Antonio Salieri (1750-1825) fictionally poisoned Wolfgang Amadeus Mozart, he has gotten some seriously bad press. But as we know all too well, factual information and historical fact have never stood in the way of Hollywood telling a good story. Mind you, there was some actual tension between the Mozarts and Salieri, as Leopold resented the special place that Italian composers held in the courts. In 1783 Wolfgang writes to his father, “You know those Italian gentlemen; they are very nice to your face! Enough, we all know about them. And if Da Ponte is in league with Salieri, I’ll never get a text from him, and I would love to show what I can really do with an Italian opera.” Salieri came to Vienna in 1766 as a teenager, and eventually appointed “Kapellmeister” of the Imperial Court, with responsibilities as court composer and conductor of Italian opera. Without doubt, Salieri was one of the most important musical personalities in Vienna. How important you may ask?
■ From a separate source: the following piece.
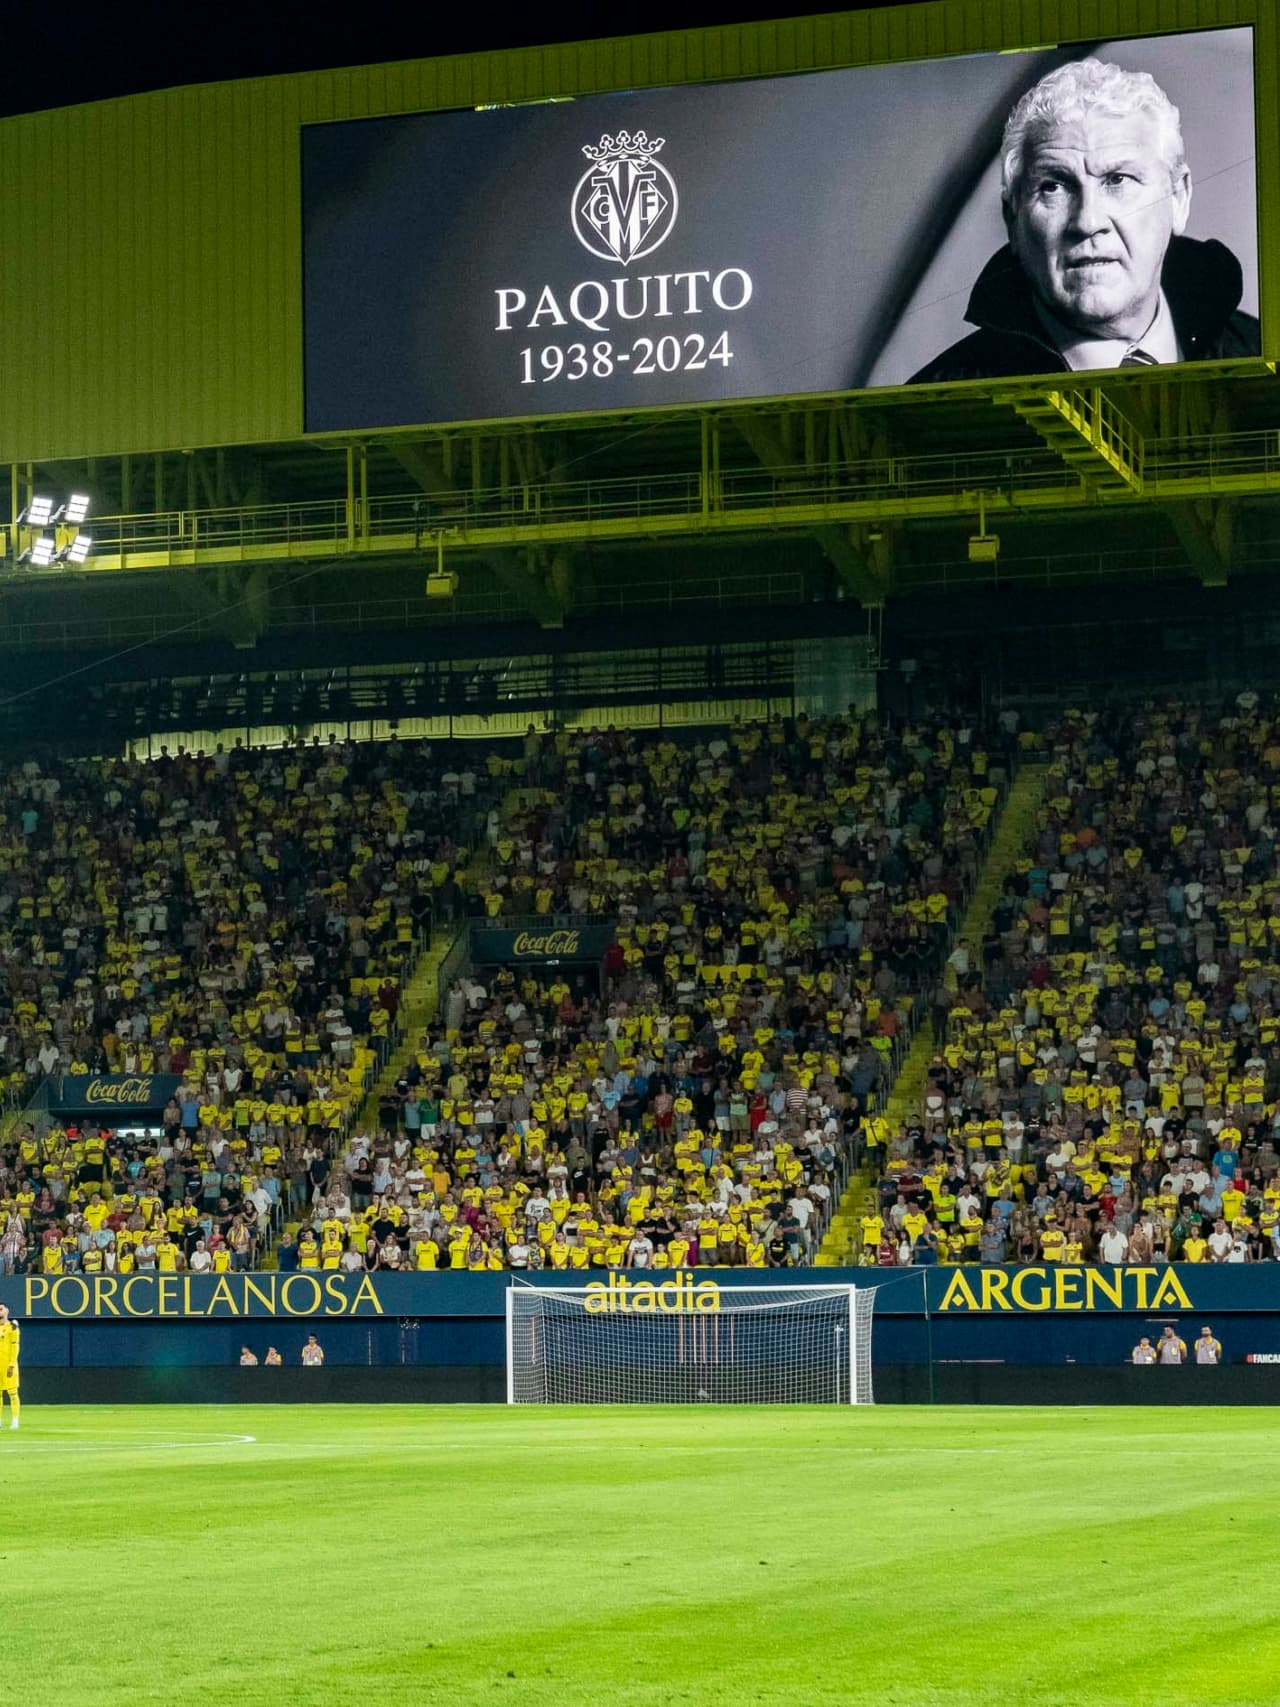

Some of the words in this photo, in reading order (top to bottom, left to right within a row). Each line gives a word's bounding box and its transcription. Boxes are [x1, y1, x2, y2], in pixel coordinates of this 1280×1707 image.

Well, certainly important enough for both Mozart and Beethoven to compose variations on Salieri themes.Ever since
In the summer of 1773, Leopold Mozart took advantage of the absence of the new Archbishop in Salzburg and took his son to Vienna. Hoping to attract interest at court and trying to impress Salieri, Mozart wrote a set of string quartets, and before returning home in the autumn, a set of variations on “Mio caro Adone” (My dear Adonis) from the Finale of the opera La fiera di Venezia (The Proud Woman of Venice) by the court composer Antonio Salieri. The opera had been first staged in 1772 and enjoyed considerable success throughout Europe. In fact, it was staged over 30 times during Salieri’s lifetime. However, when Leopold Mozart saw the opera in Salzburg in 1785, he had nothing good to say, describing it as a “stupid foreign childishness.” We do not know what Leopold thought about his son’s variations, but he probably wasn’t impressed either.
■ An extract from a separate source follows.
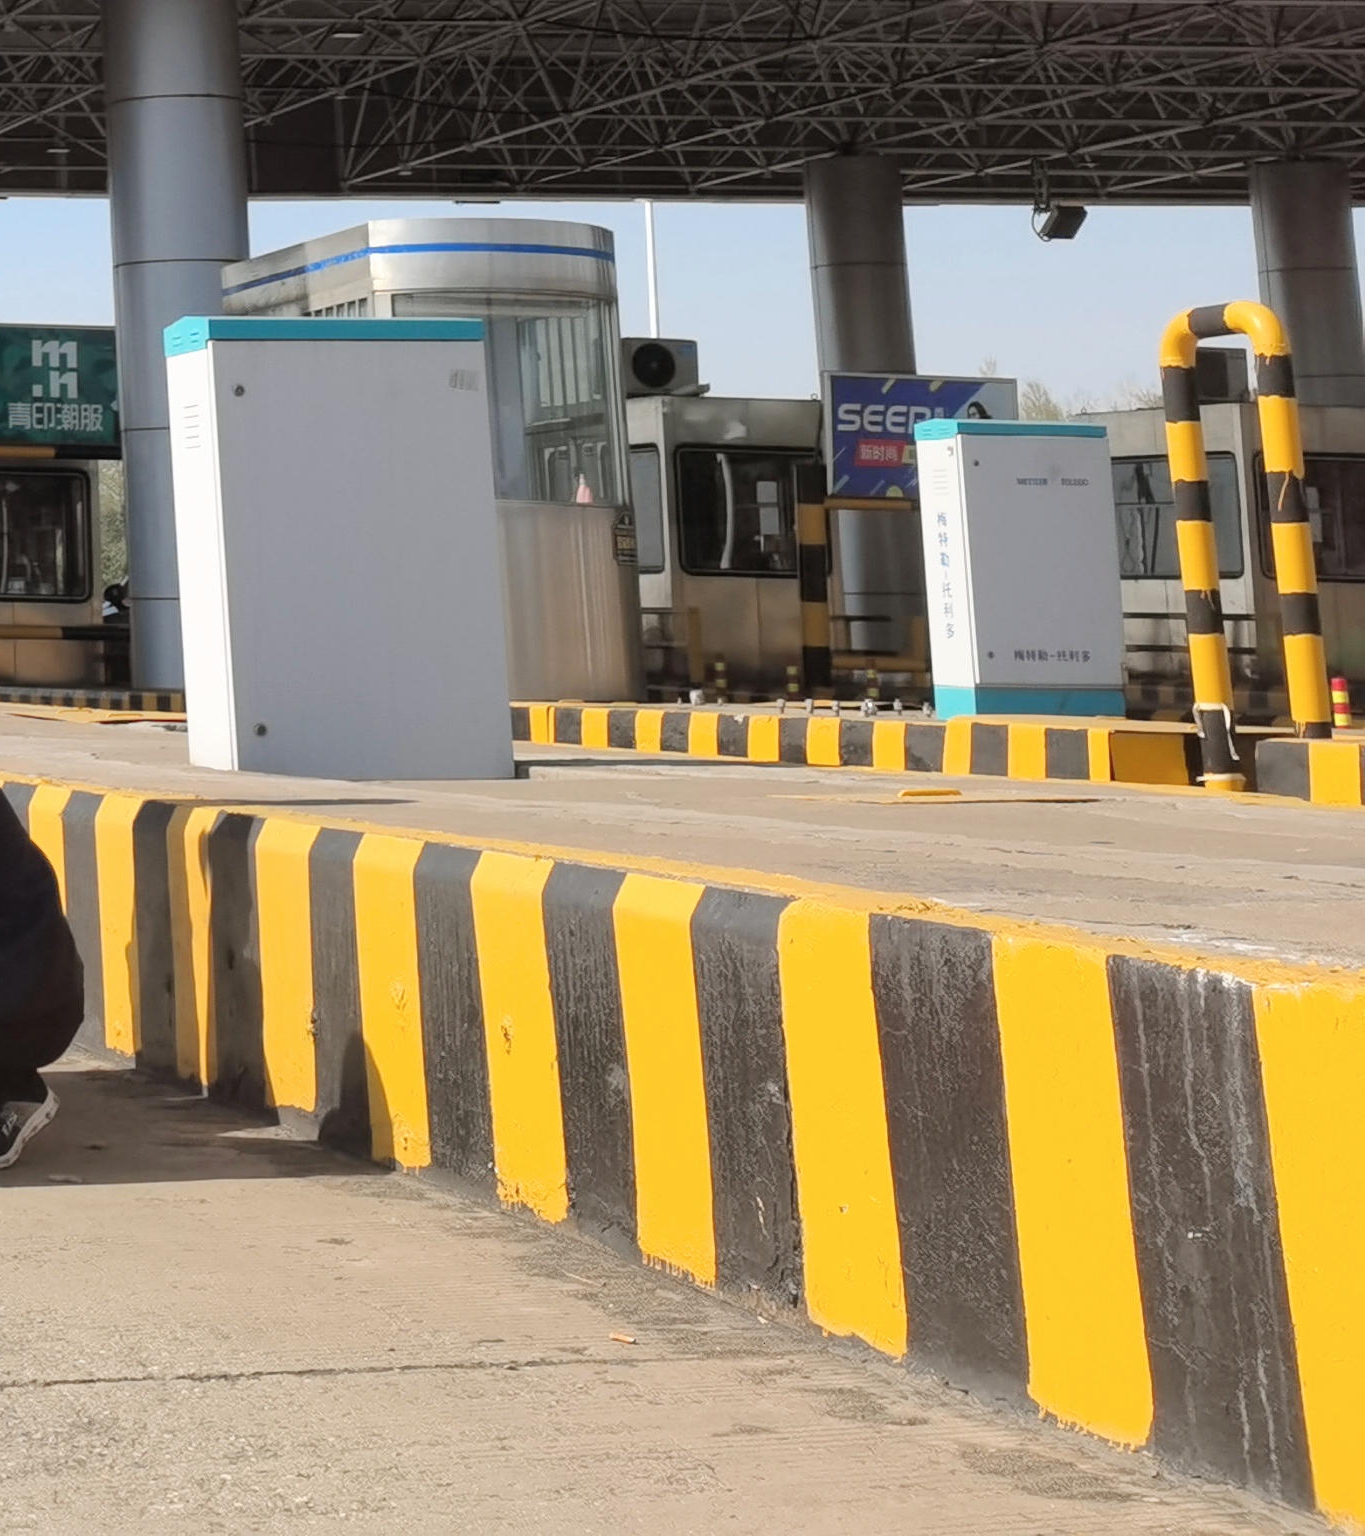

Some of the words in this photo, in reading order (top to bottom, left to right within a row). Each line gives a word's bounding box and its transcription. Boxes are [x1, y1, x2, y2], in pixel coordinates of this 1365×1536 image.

[8, 402, 104, 432] 青印潮服
[859, 444, 899, 462] 新时尚
Wolfgang Amadeus Mozart: 6 Variations on “Mio caro Adone,” K. 180 from the opera La fiera di Venezia by Antonio Salieri
When Beethoven came to Vienna, he took lessons from Salieri hoping to improve his vocal writing. In fact, Salieri was enormously popular as a teacher, counting Franz Liszt, Franz Schubert, Ignaz Moscheles, Giacomo Meyerbeer, Carl Czerny and Johann Nepomuk Hummel among his students. As one of the pivotal figures in the development of late 18th-century opera, Salieri was a cosmopolitan composer who wrote works for opera houses in Paris, Rome, and Venice, and his dramatic works were widely performed throughout Europe. Almost predictably, Beethoven did not follow Salieri’s advice in his own opera Fidelio, but the fact that he asked him to look over the score, indicates that he sincerely valued his opinion.
Ludwig van Beethoven: Variations on the Duet “La stessa, le stessissima” from Salieri’s Falstaff, WoO 73
Let us not forget that Salieri’s operas enjoyed considerable contemporary success. His opera Falstaff, based on the Shakespearean play, was staged in Vienna in January 1799 and had refined and light-hearted entertaining quality. By the end of February, Beethoven already gave the manuscript of his ten variations on the aria “La stessa, le stessissima” to his publisher. Dedicated to his student Countess Babette von Keglevics, the work was not well received. An anonymous critic wrote in the AMZ on 6 June 1799, “I could not at all be satisfied with the variations on Salieri’s “La stessa, le stessissima” because they are stiff and strained; and what awkward passages are in them, where harsh tirades in continuous semitones create an ugly relationship with the bass and the reverse! No, it is true, Hr. v. B may be able to improvise, but he does not know how to write good Variations. With his unusual knowledge of harmony and love for serious compositions, he should try to write more naturally.” Naturalness might not have been on Beethoven’s mind, specifically since he subsumed the “Italian” theme into an Allegretto “Alla Austriaca” to conclude his set of variations.